Chapter no 35 – THE CAVE

Lightlark (The Lightlark Saga Book 1)

It was midday by the time the king finally opened his eyes. Isla was curled against a corner of the cave, watching him. Still covered in his blood.

“You saved me,” he said, frowning.

Hearing him say the words made her realize how absurd it was. Oro was the most powerful person in all the realms . . . and she, a powerless ruler, had saved him.

Perhaps she really wasn’t as powerless as she thought. She gave him a look. “I’m not as weak as you think I am.”

He didn’t return the glare. “I’ve never thought you were weak.”

She blinked. He couldn’t mean that. “Well, now we’re even, I suppose.” That day on the balcony seemed realms away.

“I suppose we are.” Oro took in the cave. They were at its mouth, buttery sunlight spilling inside, just a few feet away. Those streaks of gold had nearly seared him through. She had pulled him to safety with a second to spare.

Oro turned his attention to the other side of the cave, the tunnels that led through the underground. Pretty blue lights illuminated the ceiling like a constellation of stars.

“We’re beneath a Skyling graveyard,” he said gruffly. He nodded toward the bright blue. “Glowworms. They eat the bones.”

Isla scowled, the mysticism of the place ripped away. But she remembered the winged man’s words. “Is it a place where darkness meets light?”

He nodded and winced. “One of the few on Sky Isle. Once the sun goes down, I’ll search it.” He seemed to sense her confusion about the winged man’s information, because he said, “Nightshades did build the island, along with Sunlings. When they were banished from Lightlark, their lands were built over. But some parts, and some creatures, still dwell in the in-between.”

“So, this is our plan,” she said, needing confirmation. “We’re going to check all the places on the island where Nightshade and Lightlark meet?

That’s where the heart is?”

He bowed his golden head. His crown was covered in mud. Both of them were caked in dirt and blood. “There aren’t many. Especially with Star Isle off the list, thanks to the specter’s information.” He stretched. “Besides the graveyard, there is only one other place on Sky Isle that qualifies.”

“How about Sun Isle?”

“I will search those locations myself.” Isla gave him a look. “Yourself?”

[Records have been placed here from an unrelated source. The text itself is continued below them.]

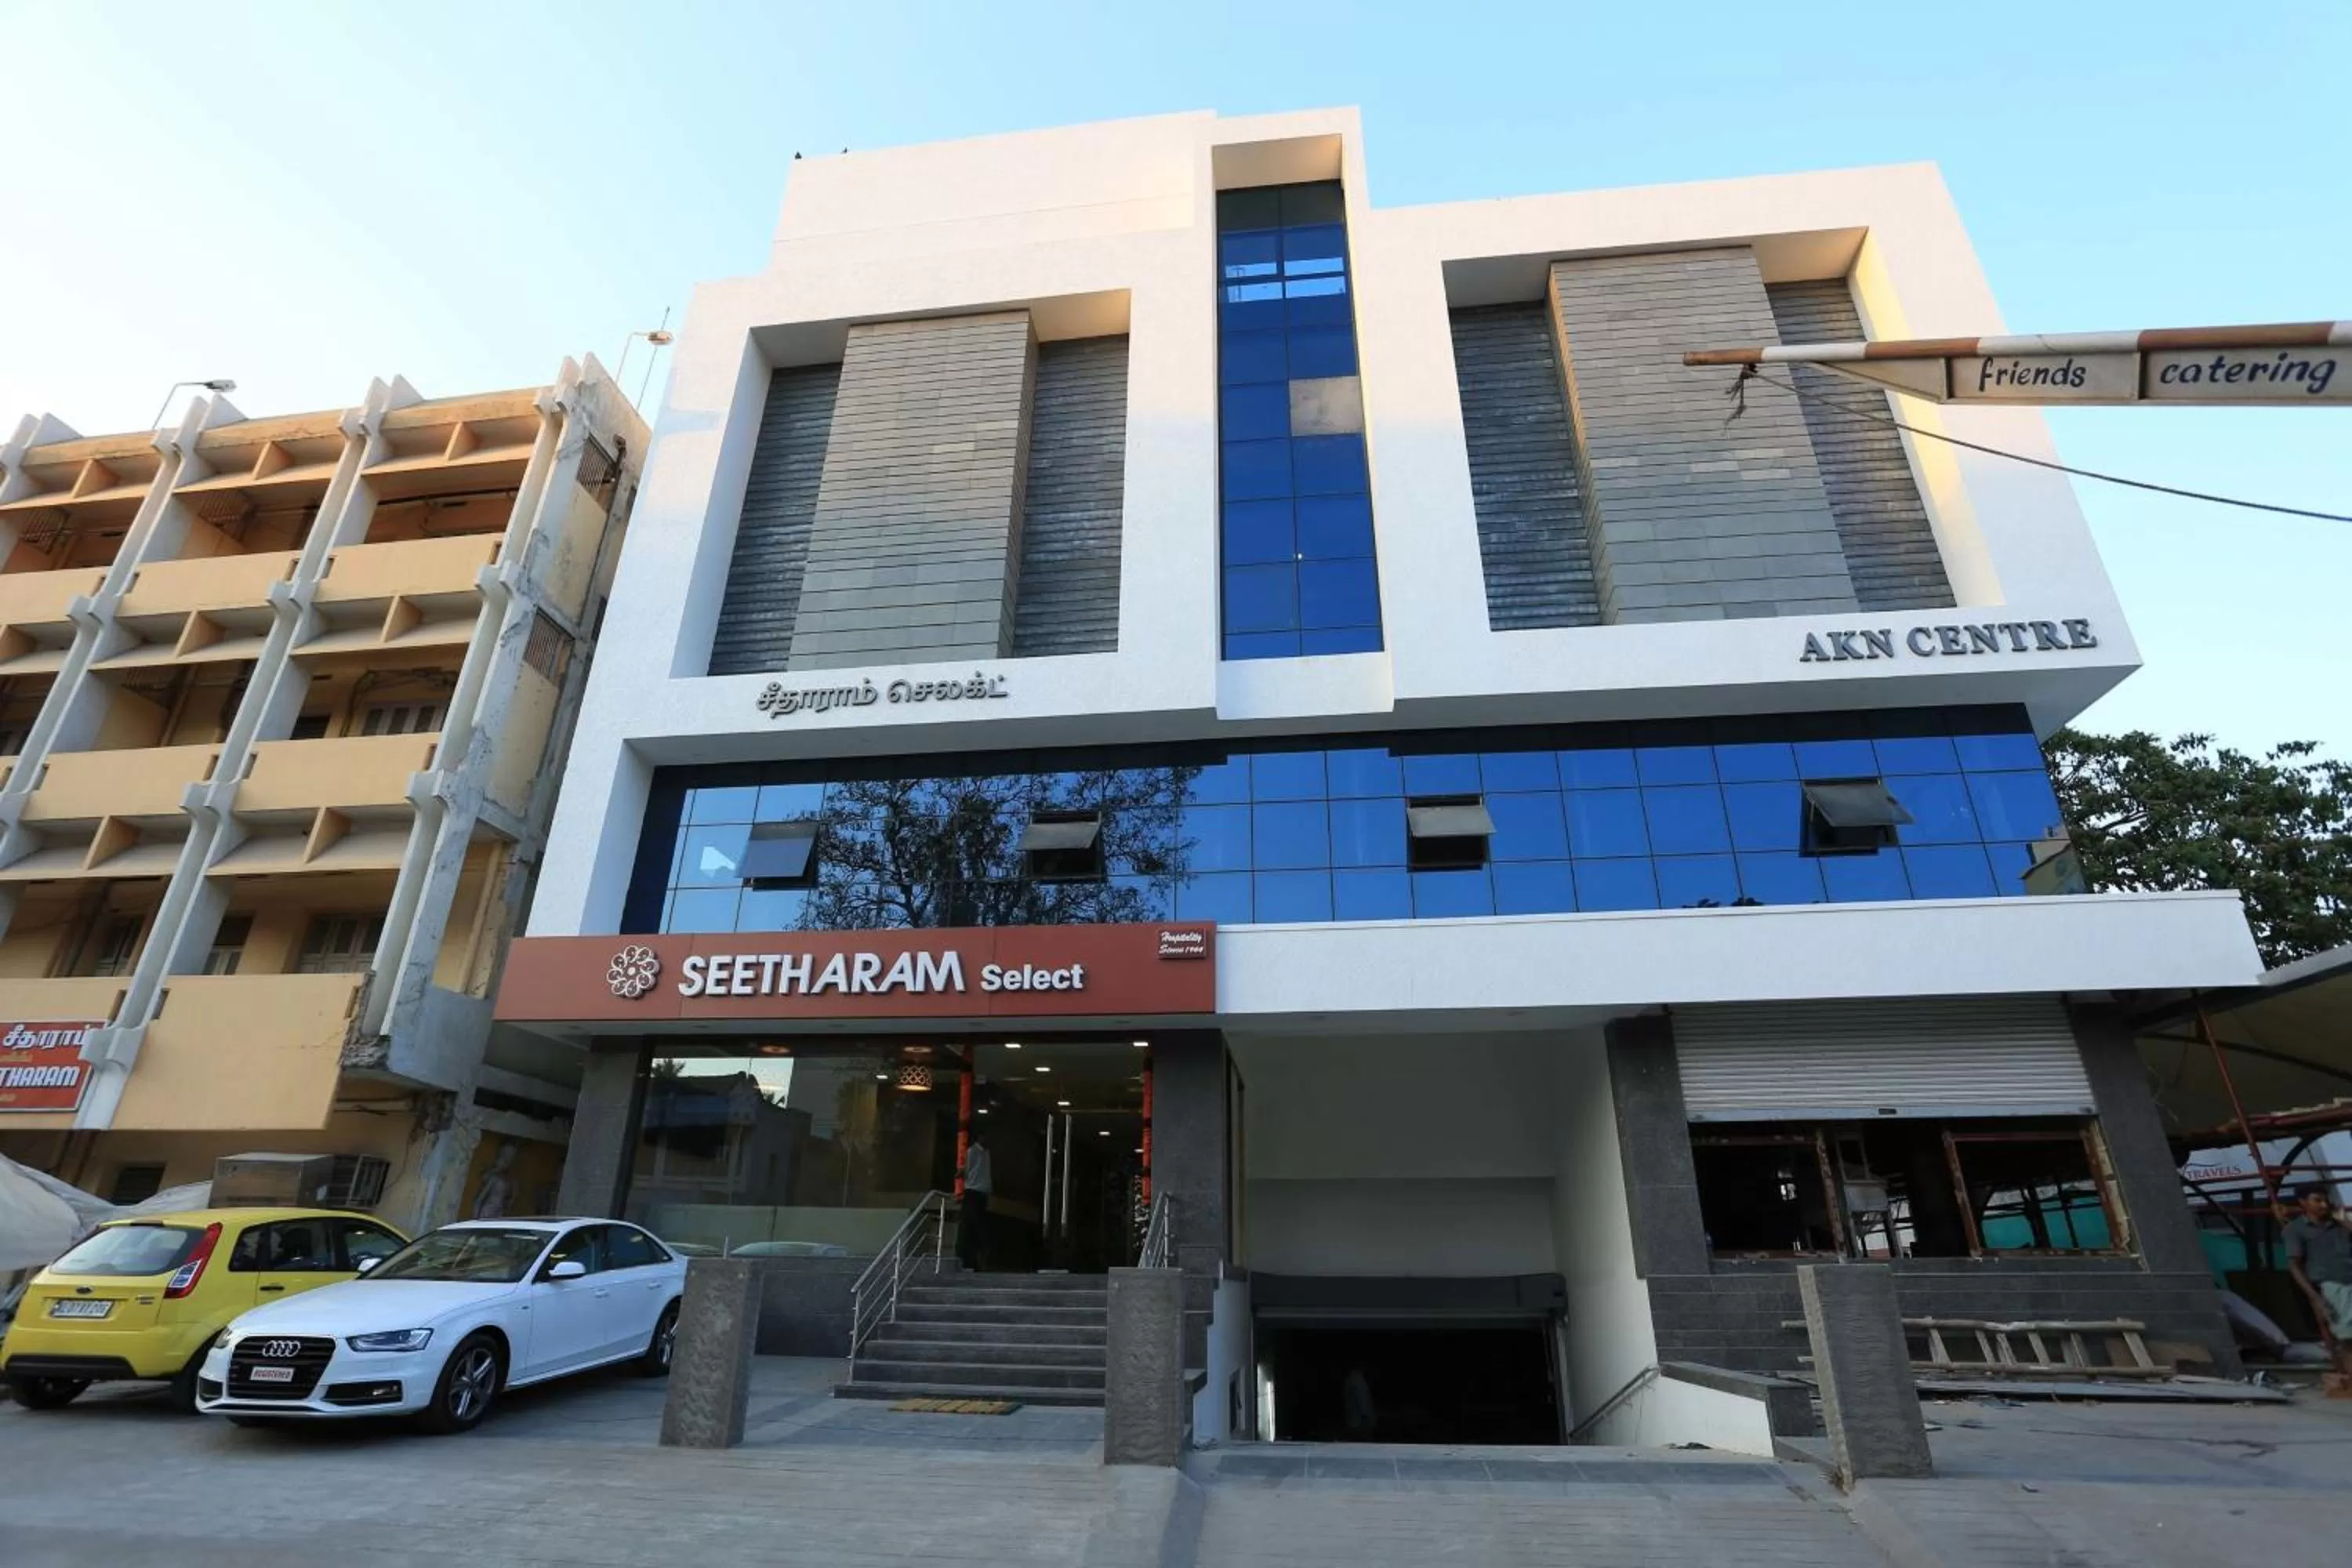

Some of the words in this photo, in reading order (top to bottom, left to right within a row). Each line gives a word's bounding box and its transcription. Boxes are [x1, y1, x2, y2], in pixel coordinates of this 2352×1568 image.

[1979, 357, 2086, 391] friends
[2160, 352, 2336, 394] catering
[1799, 629, 1895, 662] AKN
[1907, 619, 2099, 657] CENTRE
[755, 677, 879, 720] சீதாராம்
[887, 671, 1009, 703] செலக்ட்
[678, 951, 966, 996] SEETHARAM
[980, 964, 1083, 992] Select
[2186, 1166, 2241, 1180] TRAVELS

Oro sighed. “Do you truly not trust me yet?” She frowned. “Do you trust me?”

Oro did not answer her question. Instead, he said, “I never break promises. I do not break deals on a whim.” He looked at her pointedly.

Isla rolled her eyes. “And what about Moon Isle?”

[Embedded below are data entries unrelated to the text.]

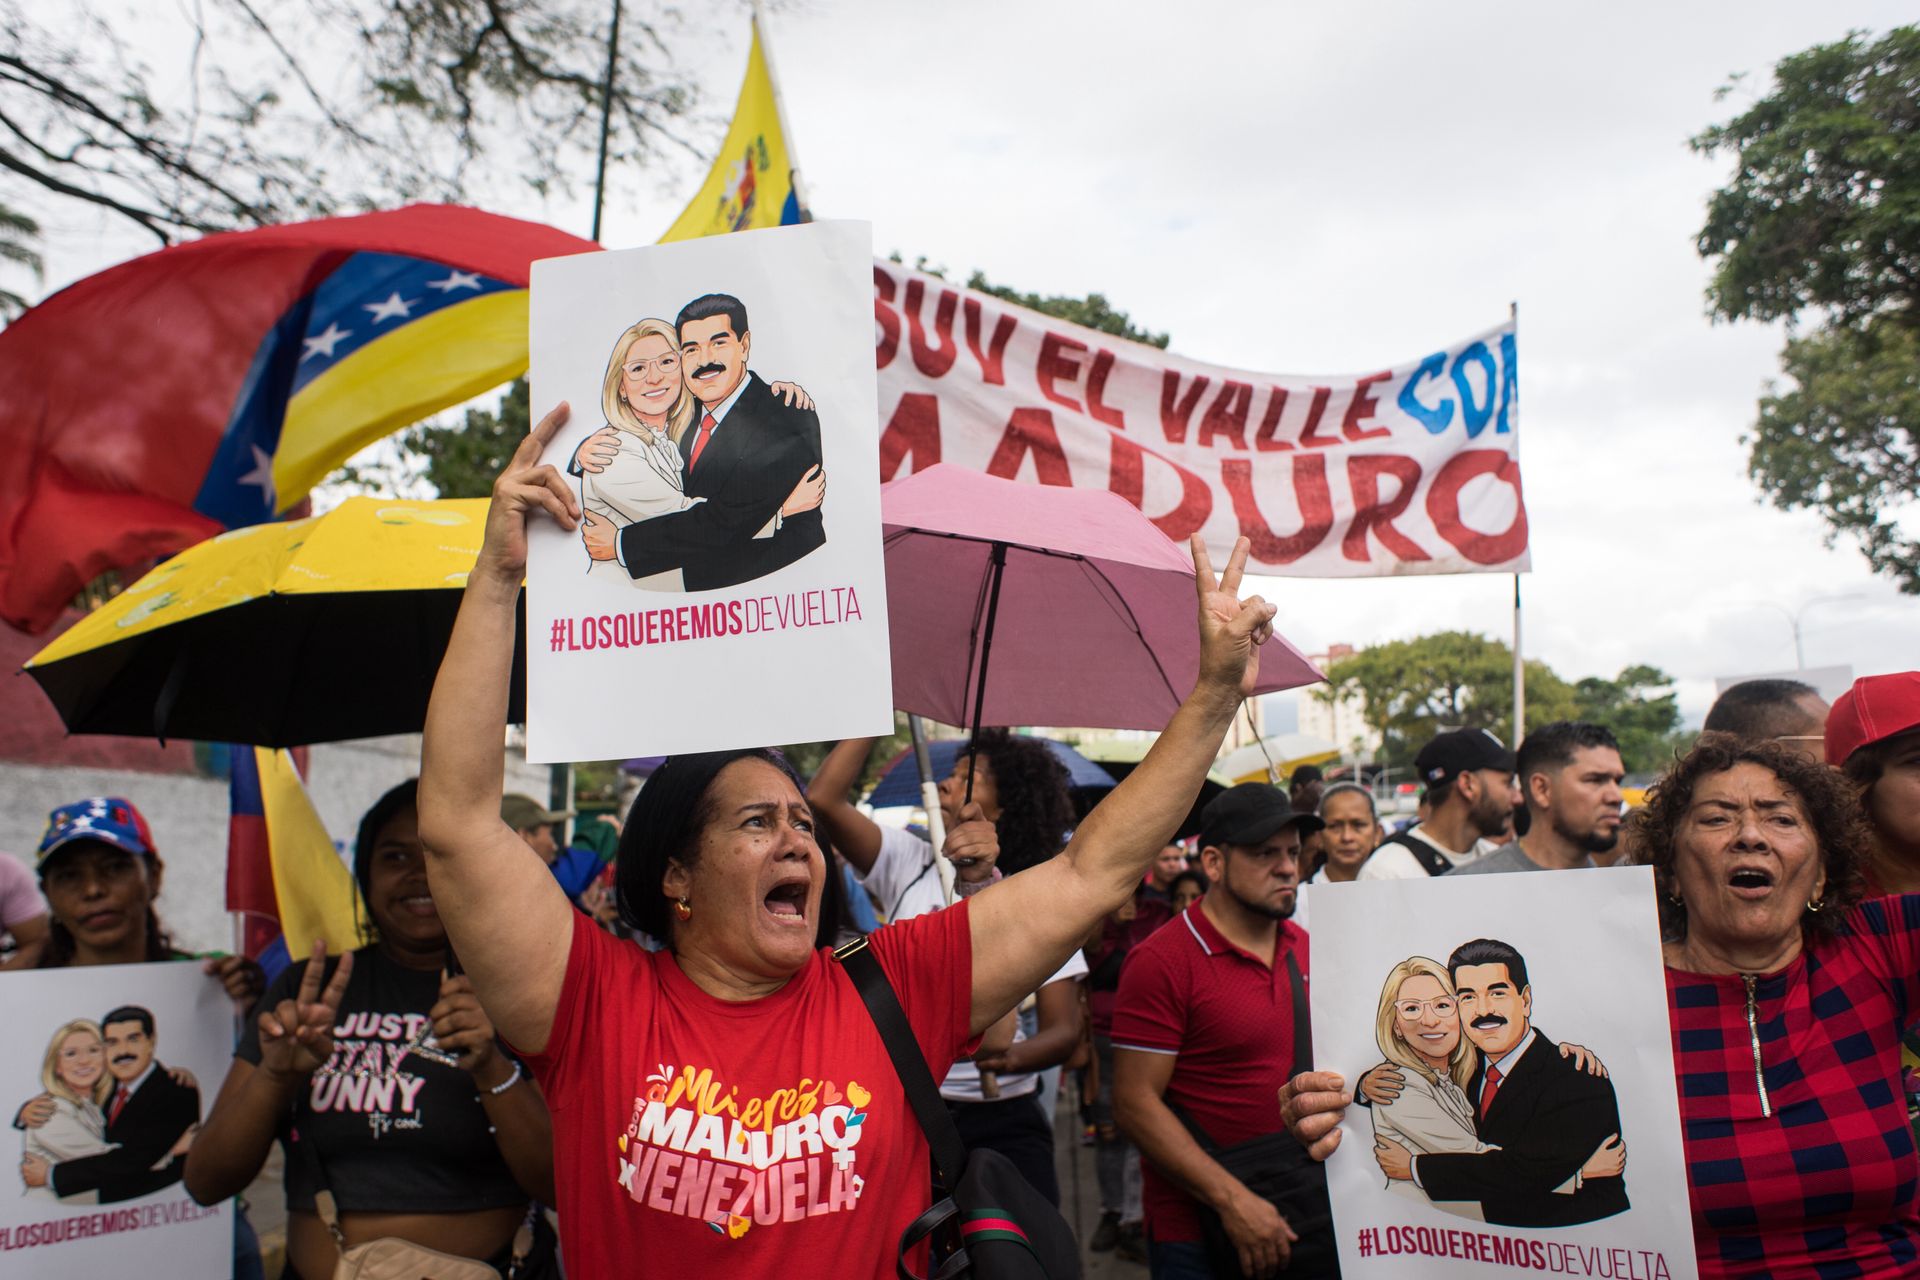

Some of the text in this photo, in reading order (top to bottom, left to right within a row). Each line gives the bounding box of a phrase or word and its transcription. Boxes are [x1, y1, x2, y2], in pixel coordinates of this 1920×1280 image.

[1036, 331, 1124, 429] EL
[1161, 369, 1392, 451] VALLE
[550, 586, 862, 652] #LOSQUEREMOSDEVUELTA
[333, 1011, 426, 1041] JUST
[637, 1101, 862, 1170] MADURO
[630, 1142, 857, 1226] VENEZUELA
[1358, 1225, 1671, 1280] #LOSQUEREMOSDEVUELTA

“There are a few. But that’s the last place we check.” “Why?”

“Because Cleo has her isle heavily monitored, and if she thinks we’re looking for something there, she’ll try to find it herself.”

Oro was being unusually forthcoming. She needed to get every detail out of him that she could. “How many total places are left, then, where darkness meets light?”


Eight. That wasn’t a large number at all. Hope bloomed Isla’s chest. “Don’t get too excited,” he said, frowning. “There are risks.”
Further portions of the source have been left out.